Staff Writer

With three clinical-stage products targeting rare genetic disorders, Amicus Therapeutics Inc. is making plans to go public.

The Cranbury, N.J.-based firm filed for an initial public offering, hoping to raise about $86.25 million, although the number of shares and share price have not yet been determined. Amicus is looking to list its stock on Nasdaq under the ticker "AMTX."

In its prospectus, the company said proceeds from the offering would be used to support clinical development of three programs based on the approach of using pharmacological chaperones to treat rare genetic disorders, such as Fabry's disease, Gaucher's disease and Pompe disease, by correcting proteins that are misfolded.

The standard of treatment for those disorders include enzyme-replacement therapies, such as Cambridge, Mass.-based Genzyme Corp.'s Fabry's disease product, Fabrazyme (agalsidase beta), which recorded sales of $80.5 million for the first quarter. Genzyme also has a Type I Gaucher's disease product, Cerezyme (imiglucerase for injection), which had first-quarter sales of $239 million. Late last month, Genzyme gained FDA approval for Myozyme (alglucosidase alfa), an enzyme-replacement therapy for Pompe disease. (See BioWorld Today, May 1, 2006.)

Unlike enzyme-replacement therapy, Amicus' products are designed as oral small molecules aimed at restoring the function of a patient's own enzymes. The pharmacological chaperone selectively binds to the target protein, helping to fold it into its correct shape to increase protein activity and improve cellular function.

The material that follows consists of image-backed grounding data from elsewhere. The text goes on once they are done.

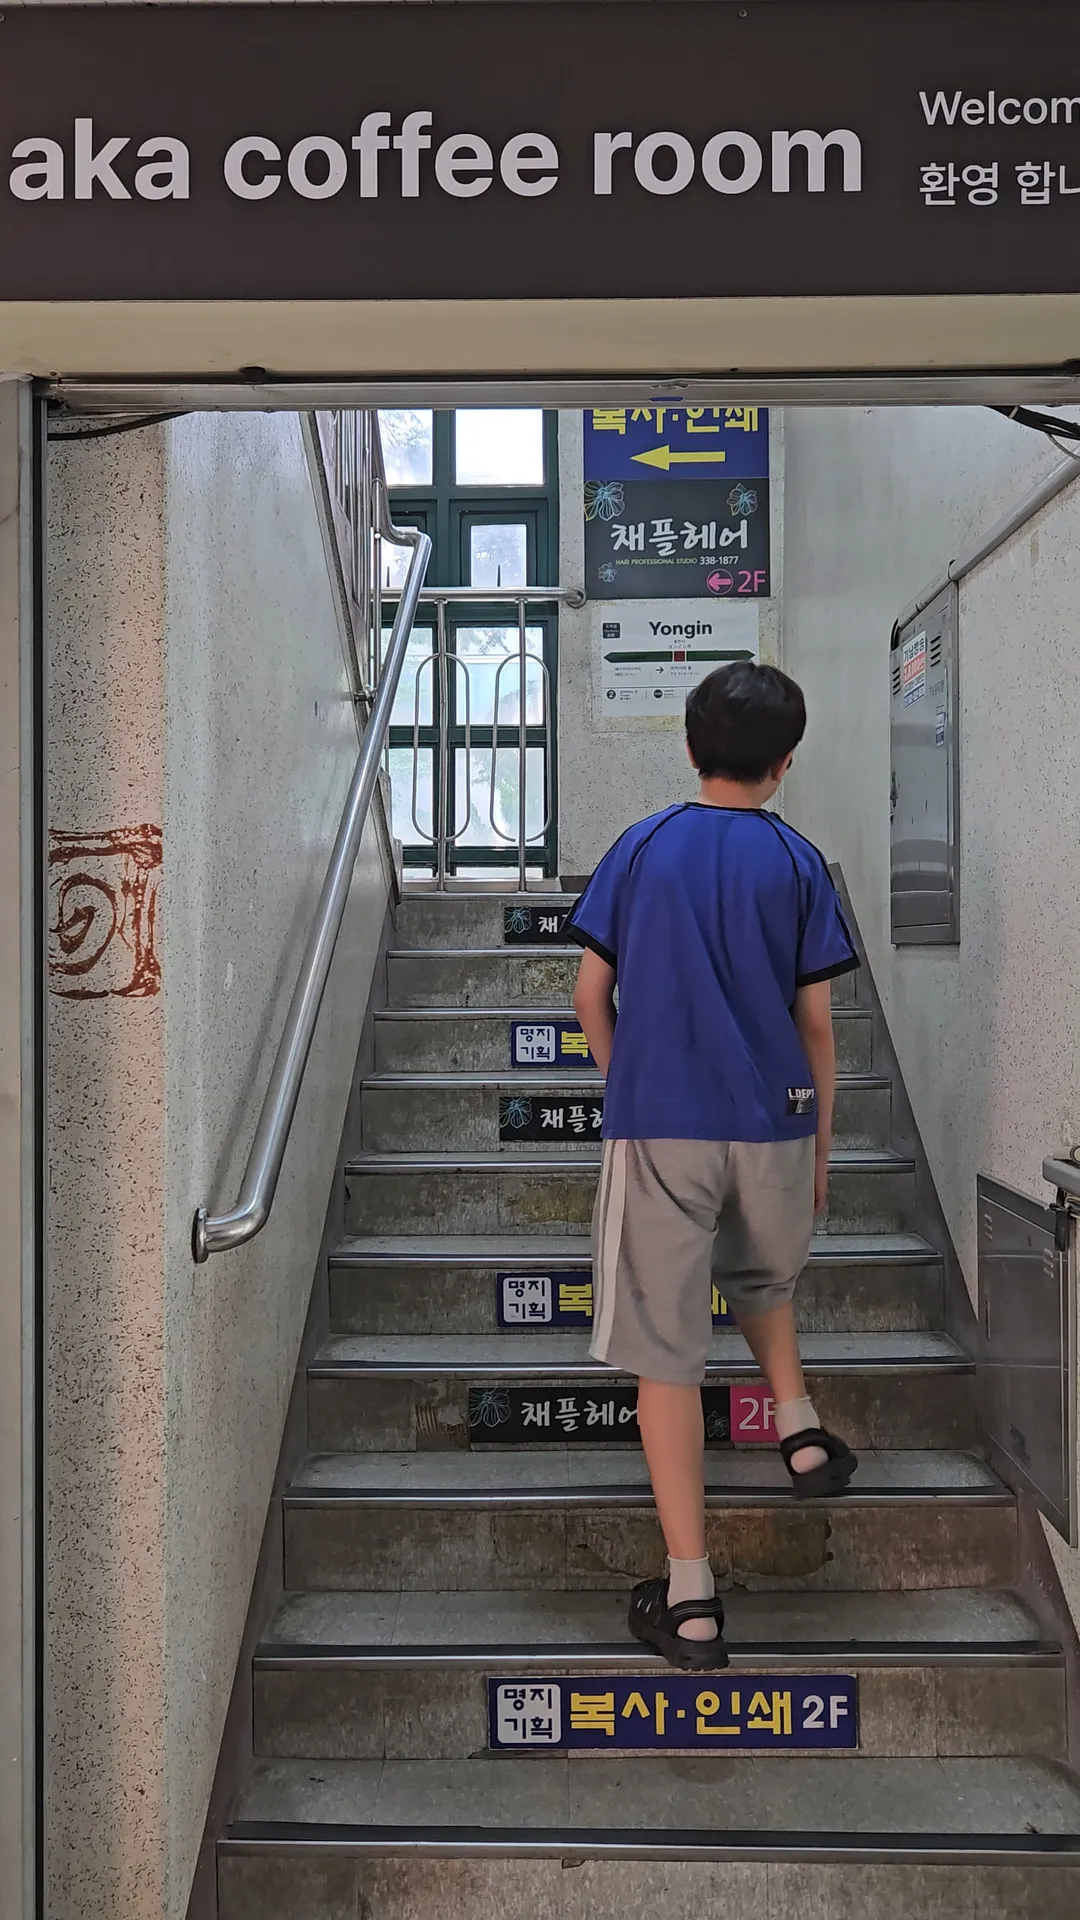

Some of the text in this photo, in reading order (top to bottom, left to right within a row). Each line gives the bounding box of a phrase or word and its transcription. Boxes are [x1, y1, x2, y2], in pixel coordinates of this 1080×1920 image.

[10, 110, 863, 201] aka coffee room
[919, 161, 999, 206] 환영
[610, 518, 748, 557] 채플헤어
[631, 558, 675, 566] PROFESSIONAL
[676, 557, 698, 565] STUDIO
[699, 555, 739, 566] 338-1877
[737, 570, 767, 593] 2F
[648, 620, 713, 640] Yongin
[520, 1028, 550, 1043] 명지
[520, 1045, 550, 1060] 기획
[508, 1280, 546, 1298] 명지
[508, 1301, 546, 1320] 기획
[739, 1397, 776, 1430] 2F
[503, 1688, 553, 1711] 명지
[569, 1690, 849, 1736] 복사·인쇄 2F
[504, 1715, 553, 1740] 기획

Amicus is in Phase II with its first product, Amigal (migalastat hydrochloride), in Fabry's disease, a condition that typically results in kidney failure, cardiac abnormalities and progressive neurological problems.

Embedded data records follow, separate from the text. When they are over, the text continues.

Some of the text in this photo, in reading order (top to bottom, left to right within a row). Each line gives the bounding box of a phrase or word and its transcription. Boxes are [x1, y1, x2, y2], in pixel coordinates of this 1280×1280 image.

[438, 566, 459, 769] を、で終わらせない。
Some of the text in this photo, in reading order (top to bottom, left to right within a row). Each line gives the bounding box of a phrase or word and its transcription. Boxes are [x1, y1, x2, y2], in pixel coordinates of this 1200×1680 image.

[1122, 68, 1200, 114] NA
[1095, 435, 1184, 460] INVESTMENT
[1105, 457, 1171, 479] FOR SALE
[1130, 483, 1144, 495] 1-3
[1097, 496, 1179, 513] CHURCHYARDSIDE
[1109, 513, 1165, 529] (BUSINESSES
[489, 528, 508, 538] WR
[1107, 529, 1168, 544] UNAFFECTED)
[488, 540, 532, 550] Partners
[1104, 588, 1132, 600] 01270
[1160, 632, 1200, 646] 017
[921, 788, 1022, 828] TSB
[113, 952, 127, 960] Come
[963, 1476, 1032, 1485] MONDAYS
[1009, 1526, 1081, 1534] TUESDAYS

Early results from the first four patients after 12 weeks of treatment suggest that Amigal can increase activity in the lysosomal enzyme alpha-galactosidase A, which is deficient in Fabry's disease. The company expects to finish enrolling patients in the trial by the end of 2006, with a Phase III trial anticipated in 2007.

A Gaucher's disease product, AT2101, is set to begin Phase I testing during the second half of the year, with Phase II to start in the first half of 2007. Gaucher's disease, caused by a lack of activity of the enzyme glucocerebrosidase, results in an enlarged liver and spleen, low levels of red blood cells and platelets, and bone pain.

During the second half of this year, Amicus plans to file an investigational new drug application for its third product, AT2220, in Pompe disease, a disorder caused by acid alpha glucosidase deficiency that leads to progressive muscle weakness and can affect respiration and heart function.

Beyond development of those products, funds from Amicus' IPO would be used to support preclinical research and development of pharmacological chaperone molecules to treat cardiovascular or neurological disorders resulting from enzyme deficiency. Money also might go toward the acquisition or in-licensing of complementary technologies, products or businesses.

For the first quarter, the company had a net loss of $7.6 million. As of March 31, cash, cash equivalents and marketable securities totaled $19.6 million.

Since its founding in 2002, Amicus has raised more than $86 million in venture capital, including a $55 million Series C round it closed in September.

Prior to the offering, Amicus' principal stockholders included entities affiliated with three investment funds that each hold 15.2 million shares, or 17 percent of the company: Prospect Venture Partners II LP, of Palo Alto, Calif.; New Enterprise Associates, of Baltimore; and Frazier Healthcare Ventures, of Seattle. Other shareholders are CHL Medical Partners, of Stamford Conn., which holds 14.3 million shares, or 15.9 percent; Canaan Partners, of Rowayton, Conn., which holds 13.9 million shares, or 15.5 percent; and Quaker Bioventures, of Philadelphia, which owns 7.9 million shares, or 8.9 percent.